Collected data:
◆ ◆ ◆

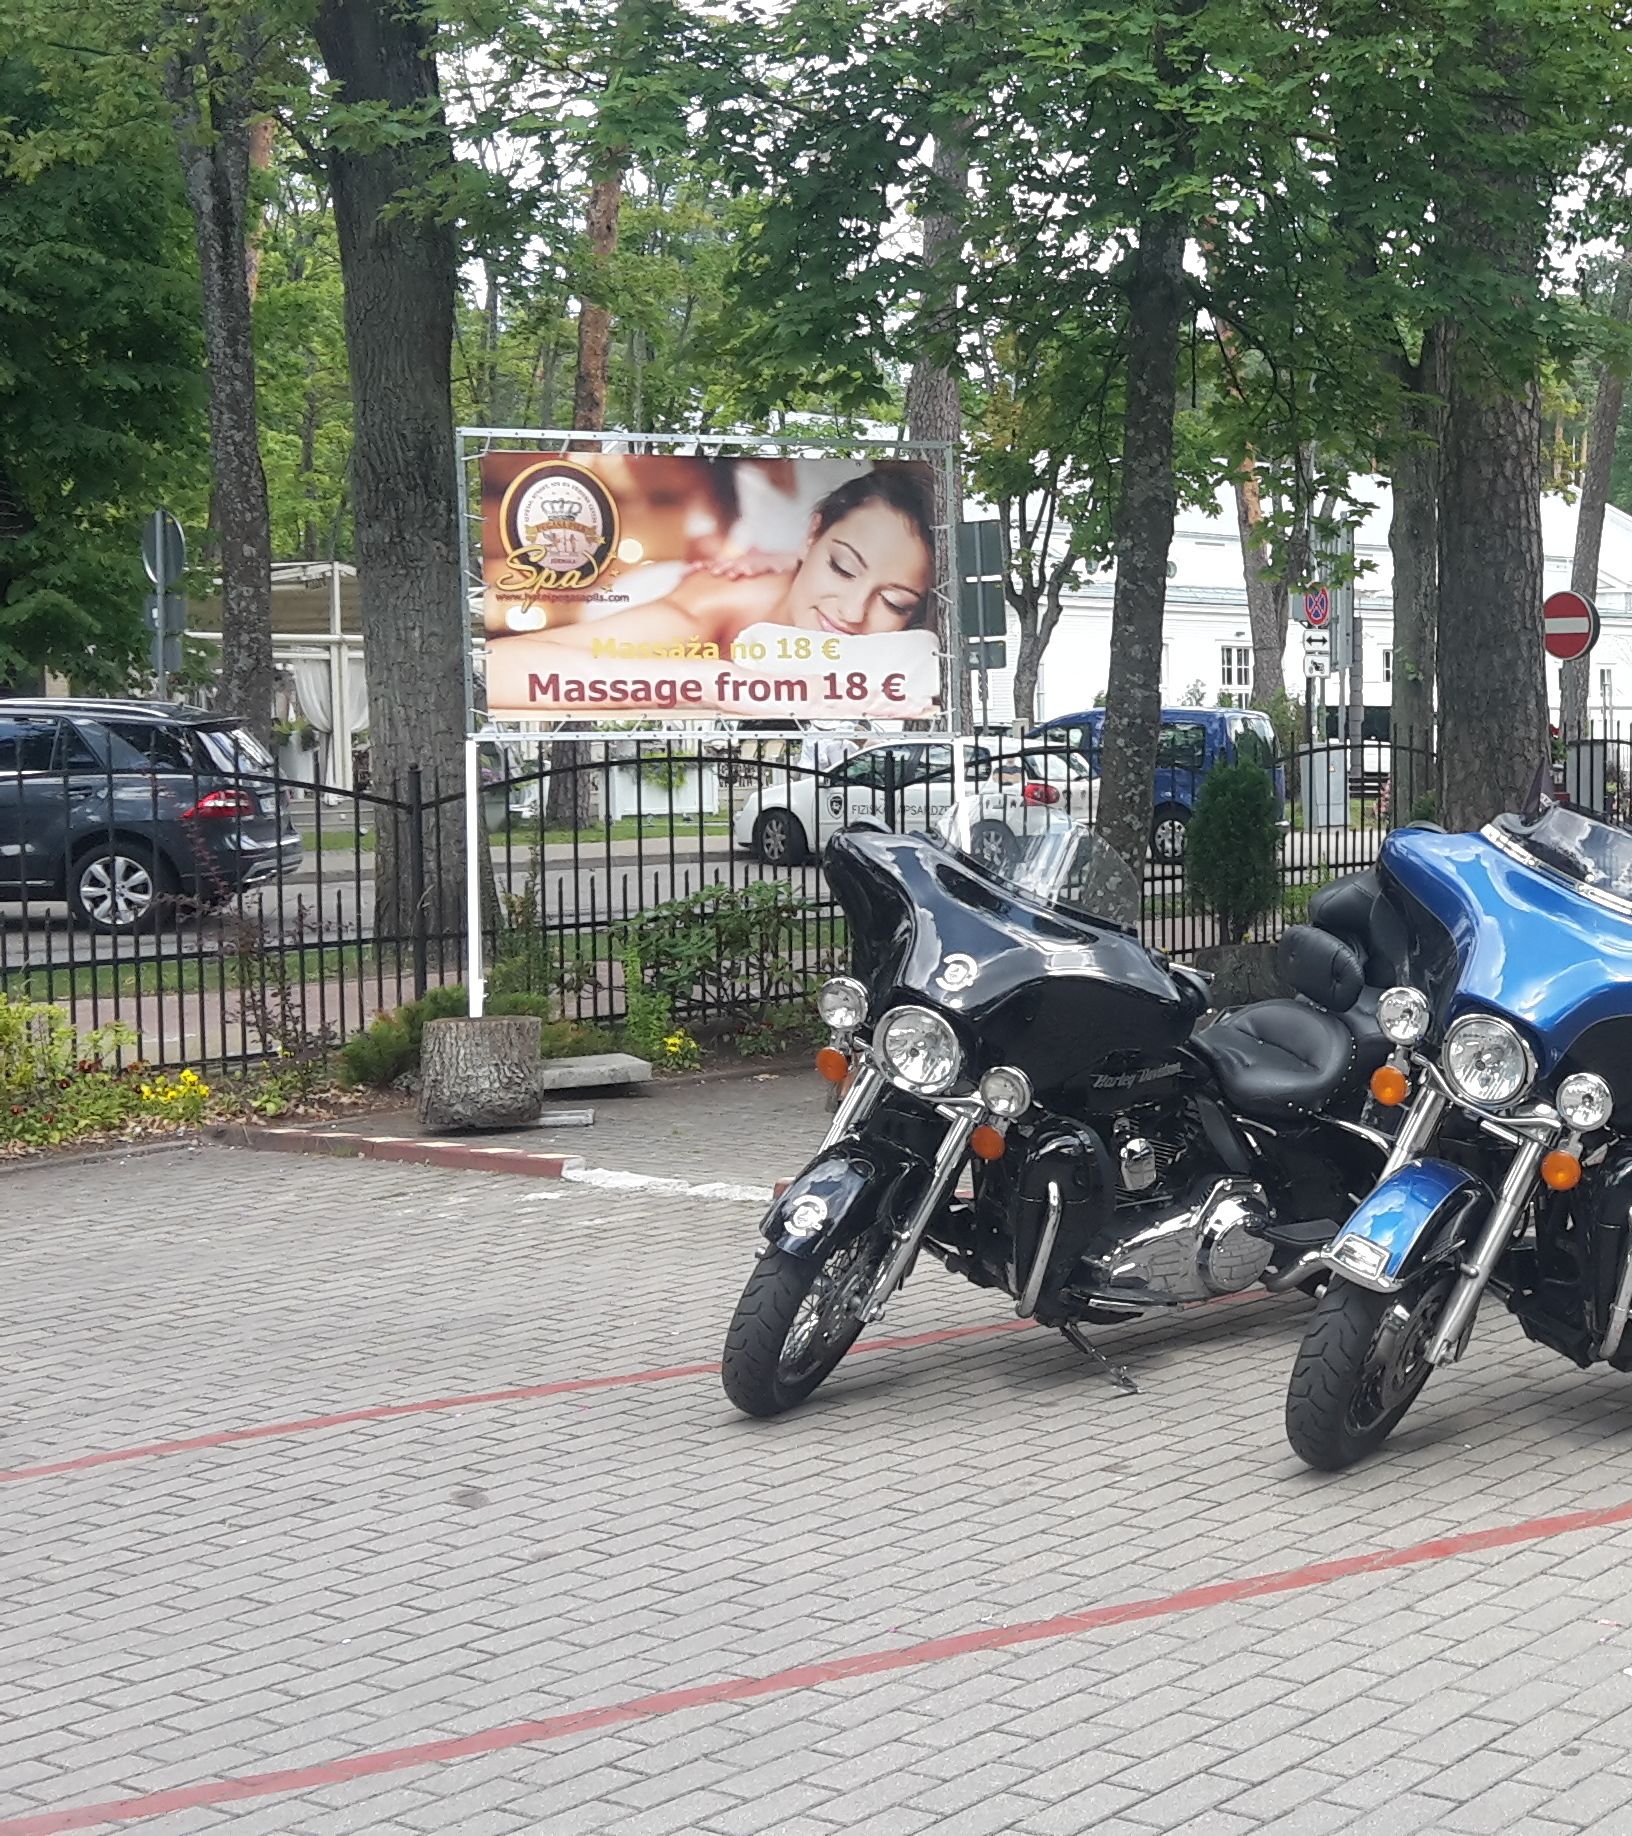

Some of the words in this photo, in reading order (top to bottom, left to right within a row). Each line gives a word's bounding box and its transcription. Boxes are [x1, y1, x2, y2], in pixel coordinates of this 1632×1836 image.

[496, 544, 599, 612] Spa
[731, 641, 766, 660] no
[776, 637, 811, 660] 18
[821, 638, 841, 660] €
[528, 672, 703, 709] Massage
[715, 672, 808, 702] from
[823, 672, 868, 701] 18
[881, 673, 906, 702] €
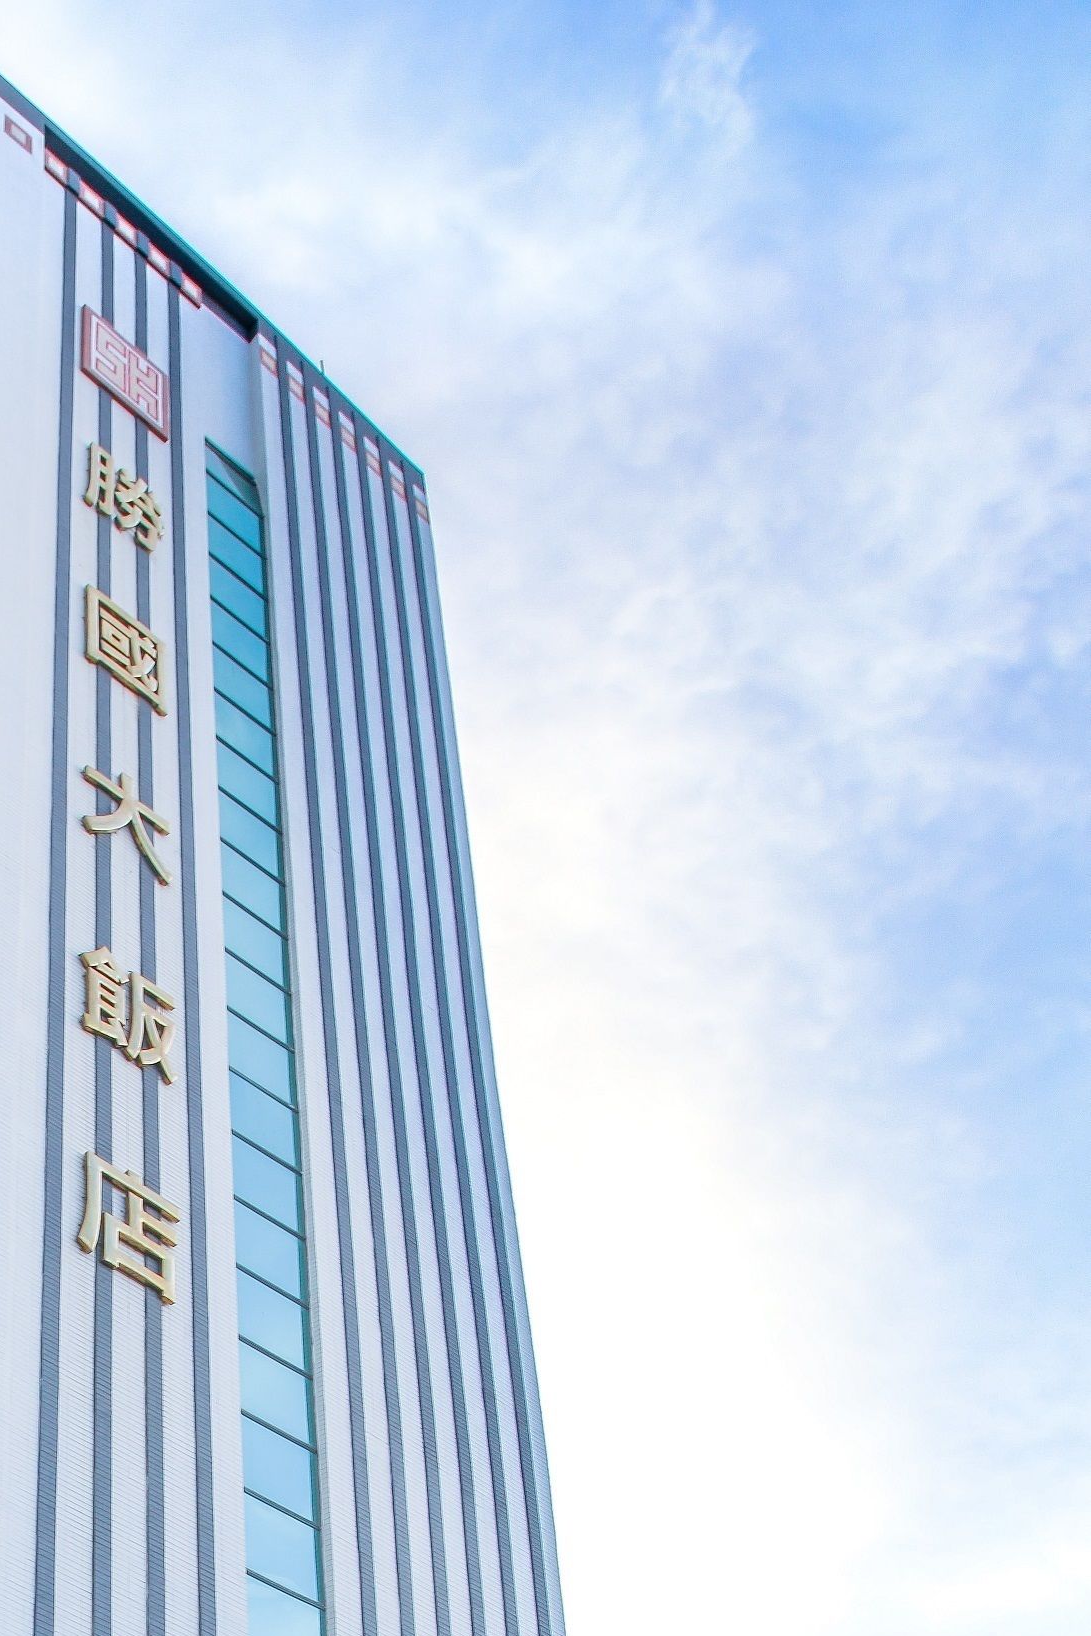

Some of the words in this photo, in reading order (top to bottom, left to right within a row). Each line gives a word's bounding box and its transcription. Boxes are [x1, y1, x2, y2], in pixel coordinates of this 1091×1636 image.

[76, 442, 180, 1304] 勝國大飯店
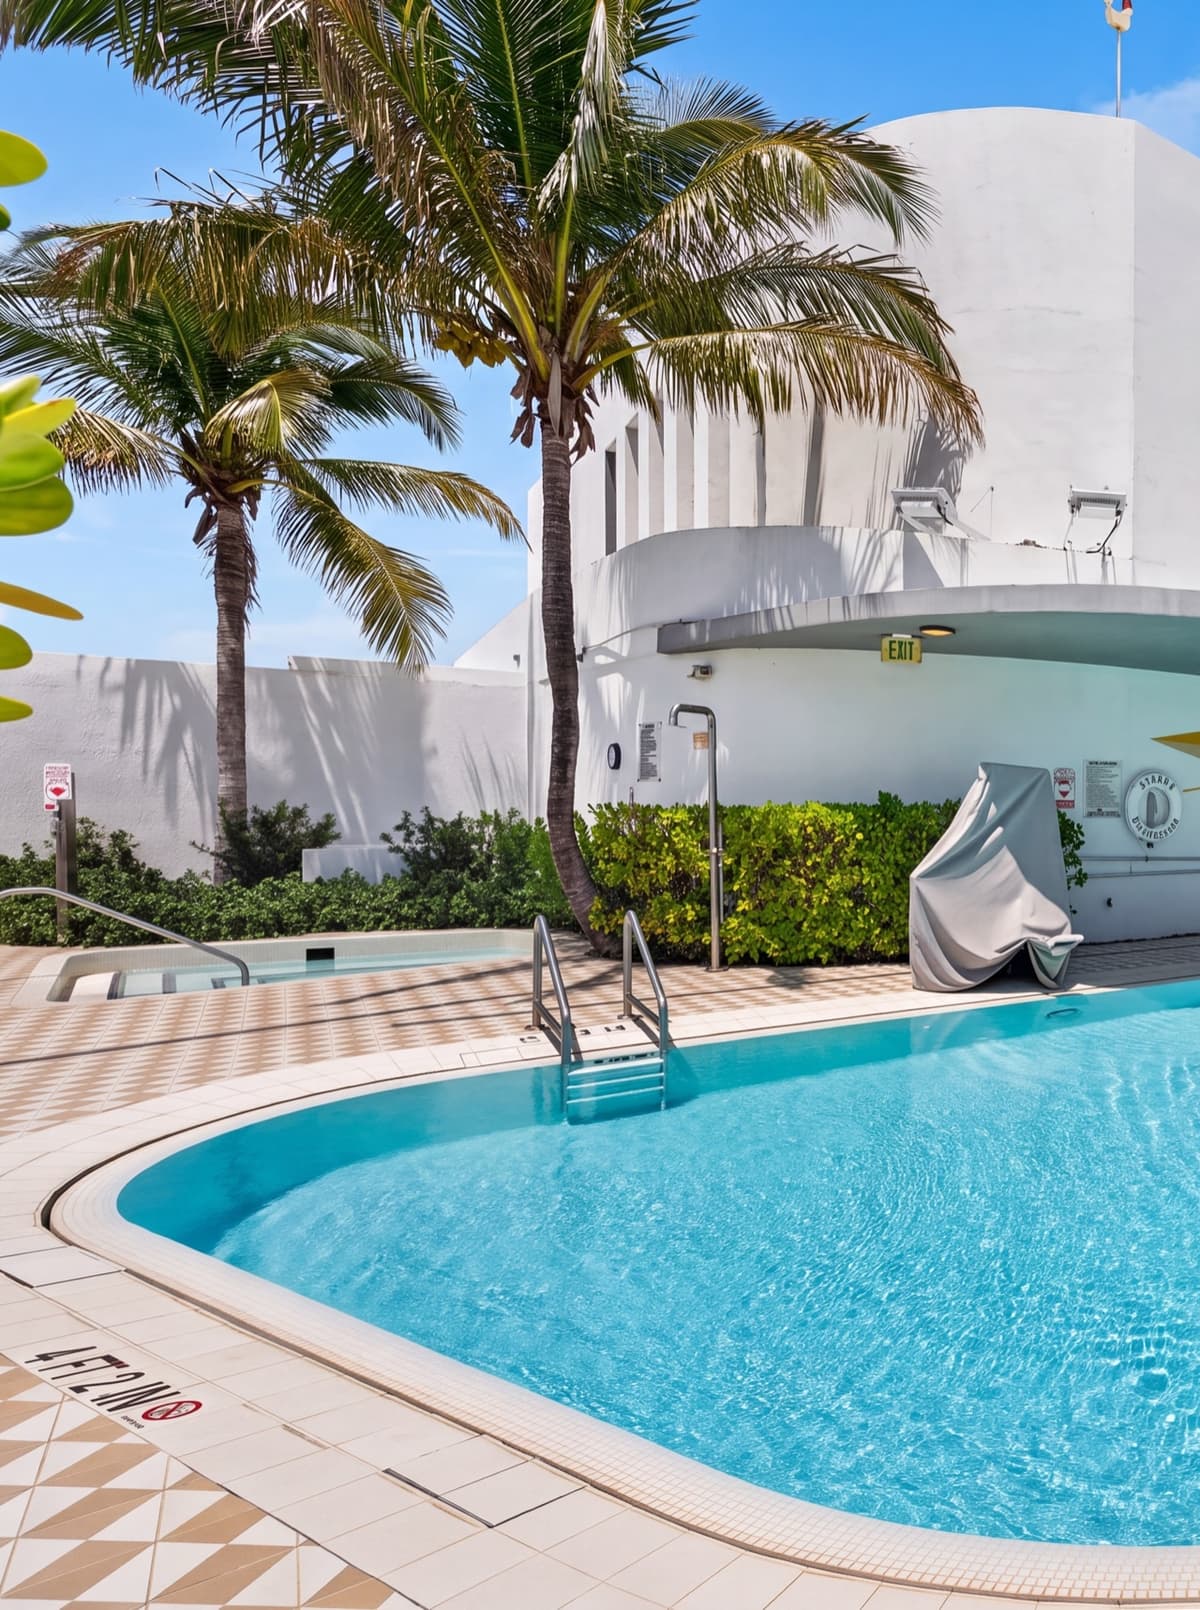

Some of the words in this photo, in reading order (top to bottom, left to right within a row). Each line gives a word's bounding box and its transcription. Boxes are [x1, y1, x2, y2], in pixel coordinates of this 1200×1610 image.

[888, 640, 914, 661] EXIT
[68, 1371, 145, 1394] 2
[90, 1381, 181, 1412] IN
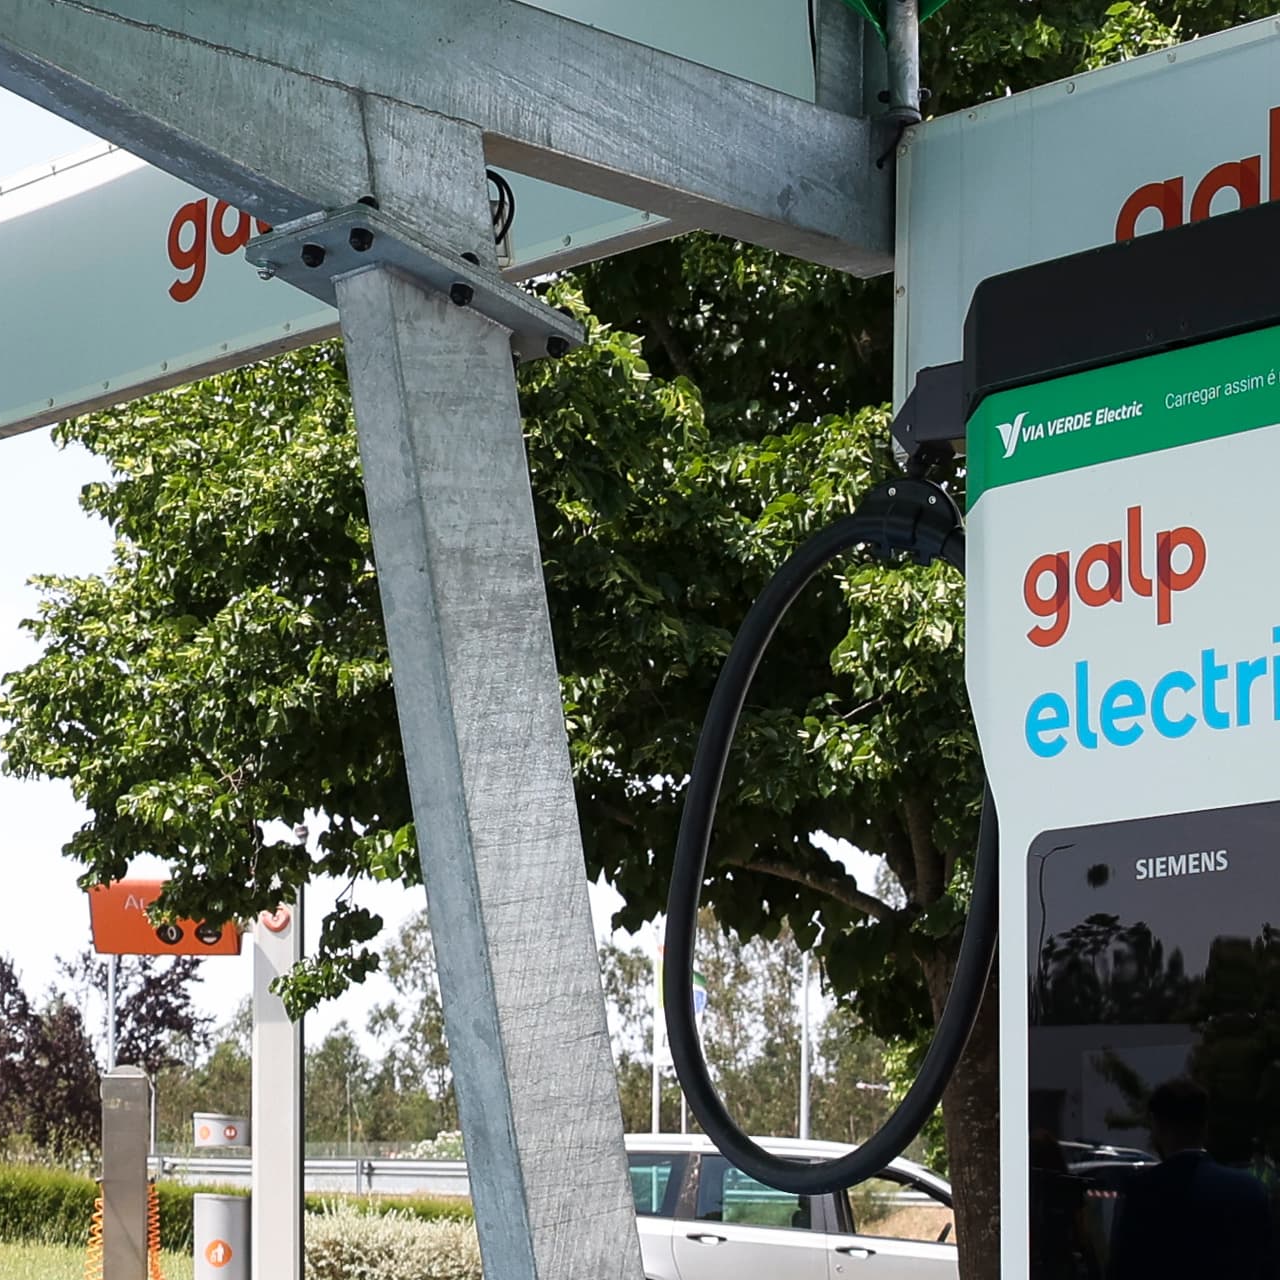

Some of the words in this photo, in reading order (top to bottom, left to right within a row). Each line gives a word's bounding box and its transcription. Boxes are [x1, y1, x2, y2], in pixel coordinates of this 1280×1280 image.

[167, 197, 273, 302] ga
[1021, 424, 1045, 444] VIA
[1047, 411, 1092, 437] VERDE
[1095, 400, 1144, 426] Electric
[1165, 384, 1221, 410] Carregar
[1224, 373, 1264, 396] assim
[1267, 370, 1276, 386] é
[1023, 505, 1207, 648] galp
[1135, 849, 1228, 880] SIEMENS

◆ ◆ ◆

# Directions for this task
Each record above needs to be copied exactly, with images left out.

# Task result
Some of the words in this photo, in reading order (top to bottom, left to right within a row). Each line gives a word's bounding box and its transcription. Boxes are [x1, y1, x2, y2], in pixel coordinates of this 1632×1836 image.

[496, 544, 599, 612] Spa
[731, 641, 766, 660] no
[776, 637, 811, 660] 18
[821, 638, 841, 660] €
[528, 672, 703, 709] Massage
[715, 672, 808, 702] from
[823, 672, 868, 701] 18
[881, 673, 906, 702] €

Some of the words in this photo, in reading order (top to bottom, left to right within a row). Each line gives a word's bounding box and its transcription. Boxes are [x1, y1, x2, y2], in pixel coordinates of this 1091×1636 image.

[76, 442, 180, 1304] 勝國大飯店

Some of the words in this photo, in reading order (top to bottom, left to right within a row). Each line gives a word's bounding box and its transcription. Boxes are [x1, y1, x2, y2], in pixel coordinates of this 1200×1610 image.

[888, 640, 914, 661] EXIT
[68, 1371, 145, 1394] 2
[90, 1381, 181, 1412] IN

Some of the words in this photo, in reading order (top to bottom, left to right within a row). Each line gives a word's bounding box and its transcription. Boxes are [x1, y1, x2, y2], in pixel coordinates of this 1280×1280 image.

[167, 197, 273, 302] ga
[1021, 424, 1045, 444] VIA
[1047, 411, 1092, 437] VERDE
[1095, 400, 1144, 426] Electric
[1165, 384, 1221, 410] Carregar
[1224, 373, 1264, 396] assim
[1267, 370, 1276, 386] é
[1023, 505, 1207, 648] galp
[1135, 849, 1228, 880] SIEMENS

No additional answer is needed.